Disclaimer: Please note, any information on this page is provided to you for educational and/or informational purposes only, and should not be construed as an endorsement of any particular procedure, product or treatment. This information is also not a substitute for medical advice, diagnosis, or treatment by a doctor or other qualified health care professional. For medical concerns, including decisions about any procedure, product or treatment, visitors should always consult with their doctor or other qualified health care professional.

Procedures that advertise using fat from liposuction and re-injecting it into the breast, also called fat grafts, are still considered surgical procedures, explains Dr. Doft. While it might be tempting to consider because it seems less invasive than a traditional boob job, the results are also harder to predict. Dr. Doft says: “Thirty to 50 percent of the fat will not survive. It is also not possible to know which fat will and will not survive, which may alter your results.”


Structured implants were approved by the FDA and Health Canada in 2014 as a third form of breast implant.[97] Structured implants incorporate both saline and silicone gel implant technology.

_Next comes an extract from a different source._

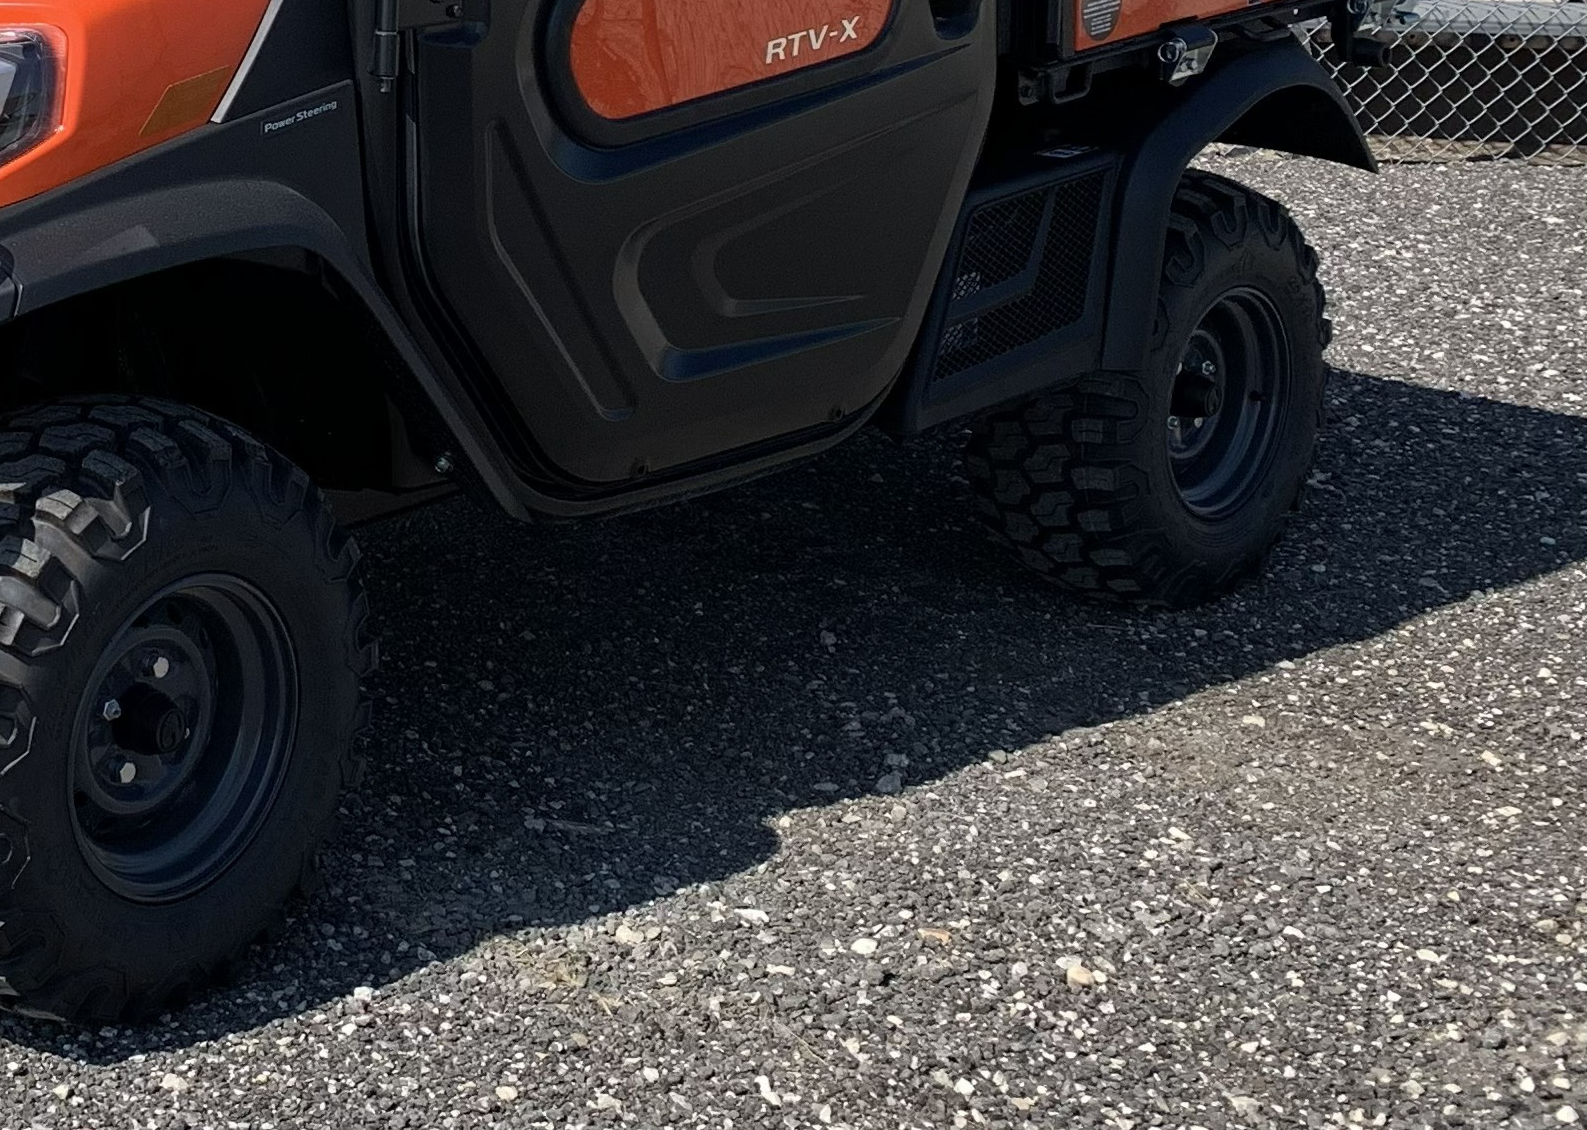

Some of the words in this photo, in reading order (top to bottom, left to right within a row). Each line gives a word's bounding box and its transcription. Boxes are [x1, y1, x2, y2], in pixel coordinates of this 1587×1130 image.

[765, 15, 860, 65] RTV-X
[264, 115, 295, 133] Power
[296, 101, 338, 122] Steering

The filler is only saline solution in case of rupture and has a natural feel like silicone gel implants.[98] The implant uses an internal structure which consists of a series of nested shells that support the upper pole with the two lumen being filled with only saline. The implant is inserted empty and then filled once in place which requires less of an incision than pre-filled implants.[97] If one of the lumen of the structured implant ruptures, it leaks and empties. The other lumen remain intact and the implant only partially deflates, allowing for ease of explant and replacement.[97]
“Insurance will typically cover procedures to help improve nasal function (i.e. septoplasty, nasal valve repair, turbinate reduction),” says Dr. Sam Naficy, a Seattle facial plastic surgeon, in a RealSelf Q&A. “The extent of coverage varies based on the details of the insurance plan. Insurance will not cover procedures that improve the appearance of the nose but are not necessary to improve nasal function.”
As with any sort of surgery there are always risks involved. The two most common risks for breast implant surgery are bleeding and infection. In general, the risk of bleeding is very low, and if it does happen, it will typically happen within the first 24 hours. Infection on the other hand, can take up to one to two weeks to before it will show itself. However, we take every possible precaution such as; using sterile equipment, sterile gowns, gloves, masks and many other safety precautions. The risk of infection is typically anywhere from two to three percent. So yes, there are risks and they can happen but they are very rare. One other risk that needs to be mentioned is the risk of using anesthesia. So yes, it can happen, but it’s exceedingly rare.

Structured implants were approved by the FDA and Health Canada in 2014 as a third form of breast implant.[97] Structured implants incorporate both saline and silicone gel implant technology. The filler is only saline solution in case of rupture and has a natural feel like silicone gel implants.[98] The implant uses an internal structure which consists of a series of nested shells that support the upper pole with the two lumen being filled with only saline. The implant is inserted empty and then filled once in place which requires less of an incision than pre-filled implants.[97] If one of the lumen of the structured implant ruptures, it leaks and empties. The other lumen remain intact and the implant only partially deflates, allowing for ease of explant and replacement.[97]
For detailed indications, contraindications, warnings, and precautions associated with the use of all MENTOR® Implantable Devices, which include MENTOR® Saline-filled Implants, MemoryGel® Implants, MemoryShape® Implants, ARTOURA™ Expanders, and CONTOUR PROFILE® Expanders, please refer to the Instructions for Use (IFU) provided with each product or visit www.mentorwwllc.com.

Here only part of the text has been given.